• _Brief_
Transcribe the entire listing, keeping each word as it is.

______________________________

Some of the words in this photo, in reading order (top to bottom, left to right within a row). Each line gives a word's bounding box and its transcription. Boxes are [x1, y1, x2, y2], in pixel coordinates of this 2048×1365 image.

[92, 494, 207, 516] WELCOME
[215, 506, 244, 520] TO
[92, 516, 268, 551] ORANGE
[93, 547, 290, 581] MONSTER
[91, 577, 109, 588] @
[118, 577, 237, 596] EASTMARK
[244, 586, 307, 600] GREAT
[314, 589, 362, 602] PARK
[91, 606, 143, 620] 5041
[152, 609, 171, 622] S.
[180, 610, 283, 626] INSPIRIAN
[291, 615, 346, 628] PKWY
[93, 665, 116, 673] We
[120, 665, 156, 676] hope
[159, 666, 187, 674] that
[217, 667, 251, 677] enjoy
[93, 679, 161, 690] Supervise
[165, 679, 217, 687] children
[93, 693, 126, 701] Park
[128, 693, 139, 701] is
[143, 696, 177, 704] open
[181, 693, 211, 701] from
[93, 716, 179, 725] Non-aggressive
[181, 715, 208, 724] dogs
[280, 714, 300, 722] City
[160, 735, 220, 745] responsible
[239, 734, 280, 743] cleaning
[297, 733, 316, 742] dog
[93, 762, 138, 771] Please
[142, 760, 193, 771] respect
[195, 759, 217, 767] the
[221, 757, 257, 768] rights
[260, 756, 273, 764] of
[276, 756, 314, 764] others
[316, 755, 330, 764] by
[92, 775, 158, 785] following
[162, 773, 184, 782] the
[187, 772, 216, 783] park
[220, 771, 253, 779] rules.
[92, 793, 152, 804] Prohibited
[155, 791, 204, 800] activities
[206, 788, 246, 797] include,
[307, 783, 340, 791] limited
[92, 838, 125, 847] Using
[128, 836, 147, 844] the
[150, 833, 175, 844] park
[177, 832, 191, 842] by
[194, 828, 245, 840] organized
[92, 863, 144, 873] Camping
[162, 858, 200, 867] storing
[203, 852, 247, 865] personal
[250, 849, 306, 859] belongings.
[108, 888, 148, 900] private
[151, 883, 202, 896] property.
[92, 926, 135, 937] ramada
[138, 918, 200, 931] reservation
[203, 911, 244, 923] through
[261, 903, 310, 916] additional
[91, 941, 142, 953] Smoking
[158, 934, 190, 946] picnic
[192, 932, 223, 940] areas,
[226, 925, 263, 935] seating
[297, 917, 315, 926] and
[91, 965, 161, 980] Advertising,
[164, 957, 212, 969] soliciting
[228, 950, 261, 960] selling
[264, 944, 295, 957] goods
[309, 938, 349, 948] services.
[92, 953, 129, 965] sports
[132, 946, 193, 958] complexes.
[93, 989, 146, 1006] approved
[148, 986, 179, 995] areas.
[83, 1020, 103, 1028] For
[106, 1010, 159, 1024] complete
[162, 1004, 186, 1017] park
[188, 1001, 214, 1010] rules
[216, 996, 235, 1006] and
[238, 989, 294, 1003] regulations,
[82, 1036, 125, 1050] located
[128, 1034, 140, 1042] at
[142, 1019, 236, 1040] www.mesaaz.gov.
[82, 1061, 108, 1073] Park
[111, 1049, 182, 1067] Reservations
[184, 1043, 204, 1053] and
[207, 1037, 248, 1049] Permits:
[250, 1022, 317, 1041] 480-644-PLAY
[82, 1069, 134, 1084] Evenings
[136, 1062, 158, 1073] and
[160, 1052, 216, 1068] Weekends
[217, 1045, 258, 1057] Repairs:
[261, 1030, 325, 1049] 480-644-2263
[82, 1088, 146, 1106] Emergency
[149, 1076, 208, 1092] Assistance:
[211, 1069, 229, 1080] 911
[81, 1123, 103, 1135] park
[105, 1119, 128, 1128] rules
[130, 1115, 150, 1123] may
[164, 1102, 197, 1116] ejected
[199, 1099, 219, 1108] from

______________________________

• _Task solution_
Some of the words in this photo, in reading order (top to bottom, left to right within a row). Each line gives a word's bounding box and its transcription. Boxes are [x1, y1, x2, y2], in pixel coordinates of this 2048×1365 image.

[92, 494, 207, 516] WELCOME
[215, 506, 244, 520] TO
[92, 516, 268, 551] ORANGE
[93, 547, 290, 581] MONSTER
[91, 577, 109, 588] @
[118, 577, 237, 596] EASTMARK
[244, 586, 307, 600] GREAT
[314, 589, 362, 602] PARK
[91, 606, 143, 620] 5041
[152, 609, 171, 622] S.
[180, 610, 283, 626] INSPIRIAN
[291, 615, 346, 628] PKWY
[93, 665, 116, 673] We
[120, 665, 156, 676] hope
[159, 666, 187, 674] that
[217, 667, 251, 677] enjoy
[93, 679, 161, 690] Supervise
[165, 679, 217, 687] children
[93, 693, 126, 701] Park
[128, 693, 139, 701] is
[143, 696, 177, 704] open
[181, 693, 211, 701] from
[93, 716, 179, 725] Non-aggressive
[181, 715, 208, 724] dogs
[280, 714, 300, 722] City
[160, 735, 220, 745] responsible
[239, 734, 280, 743] cleaning
[297, 733, 316, 742] dog
[93, 762, 138, 771] Please
[142, 760, 193, 771] respect
[195, 759, 217, 767] the
[221, 757, 257, 768] rights
[260, 756, 273, 764] of
[276, 756, 314, 764] others
[316, 755, 330, 764] by
[92, 775, 158, 785] following
[162, 773, 184, 782] the
[187, 772, 216, 783] park
[220, 771, 253, 779] rules.
[92, 793, 152, 804] Prohibited
[155, 791, 204, 800] activities
[206, 788, 246, 797] include,
[307, 783, 340, 791] limited
[92, 838, 125, 847] Using
[128, 836, 147, 844] the
[150, 833, 175, 844] park
[177, 832, 191, 842] by
[194, 828, 245, 840] organized
[92, 863, 144, 873] Camping
[162, 858, 200, 867] storing
[203, 852, 247, 865] personal
[250, 849, 306, 859] belongings.
[108, 888, 148, 900] private
[151, 883, 202, 896] property.
[92, 926, 135, 937] ramada
[138, 918, 200, 931] reservation
[203, 911, 244, 923] through
[261, 903, 310, 916] additional
[91, 941, 142, 953] Smoking
[158, 934, 190, 946] picnic
[192, 932, 223, 940] areas,
[226, 925, 263, 935] seating
[297, 917, 315, 926] and
[91, 965, 161, 980] Advertising,
[164, 957, 212, 969] soliciting
[228, 950, 261, 960] selling
[264, 944, 295, 957] goods
[309, 938, 349, 948] services.
[92, 953, 129, 965] sports
[132, 946, 193, 958] complexes.
[93, 989, 146, 1006] approved
[148, 986, 179, 995] areas.
[83, 1020, 103, 1028] For
[106, 1010, 159, 1024] complete
[162, 1004, 186, 1017] park
[188, 1001, 214, 1010] rules
[216, 996, 235, 1006] and
[238, 989, 294, 1003] regulations,
[82, 1036, 125, 1050] located
[128, 1034, 140, 1042] at
[142, 1019, 236, 1040] www.mesaaz.gov.
[82, 1061, 108, 1073] Park
[111, 1049, 182, 1067] Reservations
[184, 1043, 204, 1053] and
[207, 1037, 248, 1049] Permits:
[250, 1022, 317, 1041] 480-644-PLAY
[82, 1069, 134, 1084] Evenings
[136, 1062, 158, 1073] and
[160, 1052, 216, 1068] Weekends
[217, 1045, 258, 1057] Repairs:
[261, 1030, 325, 1049] 480-644-2263
[82, 1088, 146, 1106] Emergency
[149, 1076, 208, 1092] Assistance:
[211, 1069, 229, 1080] 911
[81, 1123, 103, 1135] park
[105, 1119, 128, 1128] rules
[130, 1115, 150, 1123] may
[164, 1102, 197, 1116] ejected
[199, 1099, 219, 1108] from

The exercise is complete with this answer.